Didier Mouron Self-portrait                                       
The Passage, 1983, Didier Mouron
My interest in art as a child was more architectural than graphic. When I was about six or eight years old, my mother began thinking about our building a new house on a vacant lot next to where we live. She began studying house plan magazines. So did I. I caught the building bug. Mother never built her new house on the lot next door but I did. I built several there, in fact. I would took a rake and lay out life-sized (for me at the time) "houses" by raking grass or leaves into imaginary walls. My "houses" were all on one floor, of course. I never figured out how to rake grass or leaves into a two-story structure. Later, I began doing the same on blank newsprint, and sill later on graph paper. The house we live in now was design and built from quarter-inch graph paper. by the time I was a senior in high school, I wrote a research paper titled, "Planning a Practical New Home."
 
Sailing Unveils, 2002, Didier Mouron

The Gesture, 1985, Didier Mouron
That was about as far as my architectural career would go. It was about this same time I realized I didn't have the math prerequisites to become an architect. Slide rules were the rule. Pocket calculators and Computer Assisted Design (CAD) software were decades in the future. So, I began to draw faces, both from life and photos. Preferring photos, I developed a simplified grid utilizing a line across the eyes and down the center of the face. Measuring and enlarging along those axes usually afforded me a good likeness. They didn't always produce great art, however. I was in my twenties, in the air force, before another artist taught me to produce high contrast drawings, and that all pencils were not No. 2. Only then did I begin producing any sort of artistic renderings. About the same time I began painting my drawings and thus drew little that didn't get painted over. By the time I got through four years of college, I knew how to draw and draw well, but still considered it simply one step in the painting process. Even as I began teaching drawing at all levels in a public school, I did little drawing as a medium of self-expression.
 
The Argo, 2007, Didier Mouron
To the Sound of the Body,
1999, Didier Mouron
After I'd taught about ten years, an artist friend of mine named Richard Hackett taught me how to draw, and most of all, sell pencil portraits. Only then (I was in my mid-thirties by this time) did I begin to grasp the expressive potential of a thin, soft, stick of graphite encased in wood. My pencil of choice became the Eberhard Faber "Ebony" pencil. For about twenty years I produced hundreds of portraits in pencil and later Prismacolor pencils to the point they became my major source of art income. I often wonder, had I not been so enthralled with paint at such an early age, had I learned to draw well before I began to paint, if my work today might not be quite similar to that of the Swiss-Canadian artist, Didier Mouron (top). A developmental sampling of his works from The Passage, (1983) to To the Sound of the Body, (1999, at left) displays what Mouron chose without the benefit of a single drop of paint or colored pencil.
 
Didier Mouron "paints" with a pencil. It's not my old, beloved, Ebony but the Caran D'Ache Fixpencil 22 precision mechanical instrument (above) made in Switzerland and selling for about $23.50. Born in 1958 in the town of Vevey (western Switzerland on the French border), Didier Mouron was the son of an artist also quite adept at drawing. He taught his son everything he knew, though the son quickly surpassed the father by extending the range of his content into landscapes, urban scenes, figures, and Surrealism.

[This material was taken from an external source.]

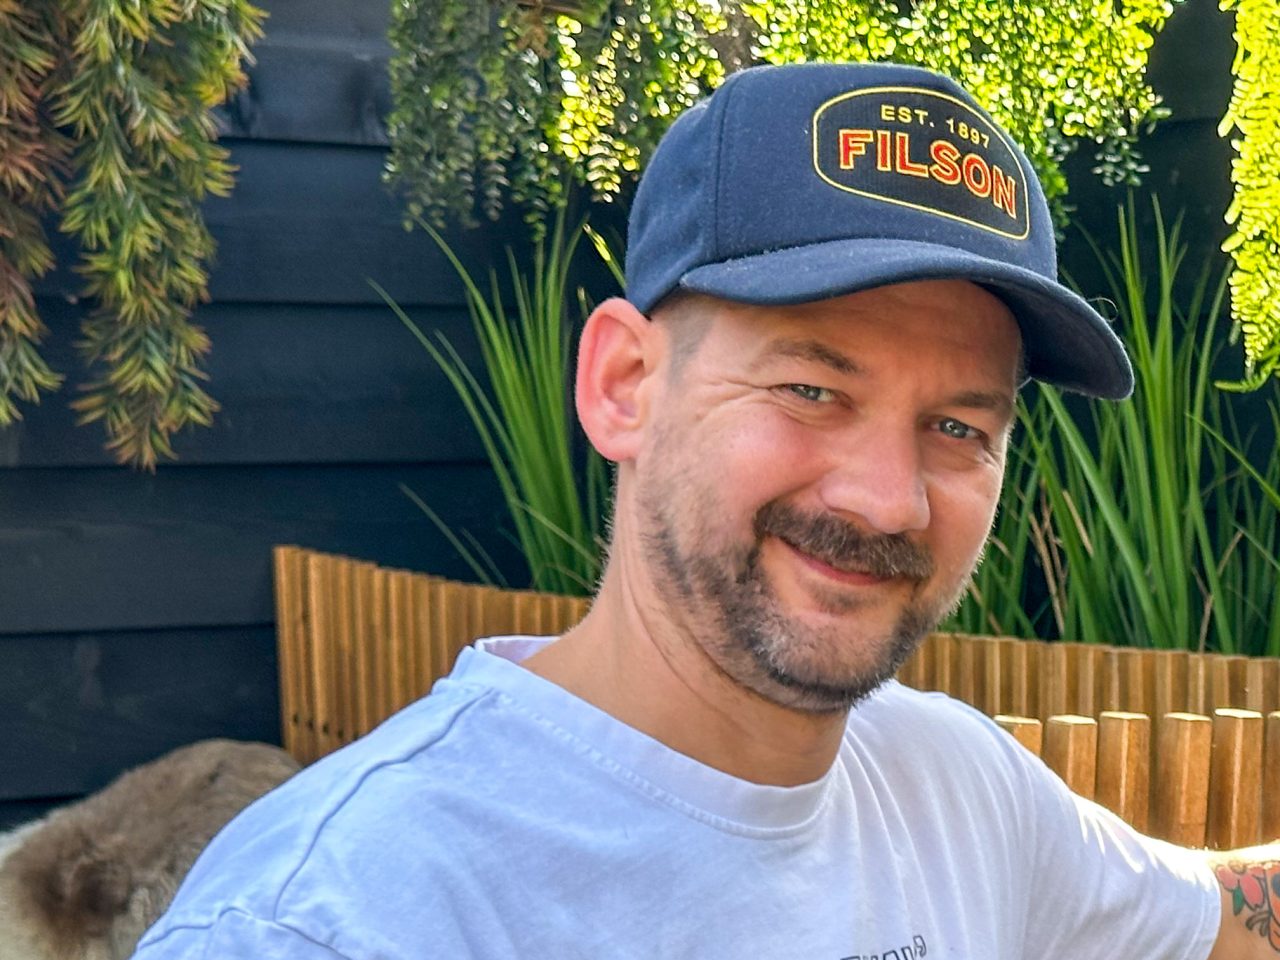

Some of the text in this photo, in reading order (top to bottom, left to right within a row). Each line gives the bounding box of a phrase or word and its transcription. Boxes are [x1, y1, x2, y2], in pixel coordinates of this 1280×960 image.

[880, 104, 990, 149] EST. 1897
[838, 128, 1017, 220] FILSON

The Vagaries of Aphrodite, 2005. Didier, Moron
Mouron's work in more recent years is not easy to follow. There is just enough latent realism and Surrealism to be intriguing, but it also leads into a deeper, more personal realm that, if not unfathomable, at least challenges the viewer to think, probe, and pursue various avenues of meaning. Painters have long gone this route. "Pencilers" have generally trekked a narrower, more obvious course, inviting the viewer to admire the technique, but in so doing, allowing them to abandon any more profound contemplation. Much of Mouron's work not only invites a deeper involvement, but comes close to demanding it. The Vagaries of Aphrodite (above), dating from 2005, is one such example.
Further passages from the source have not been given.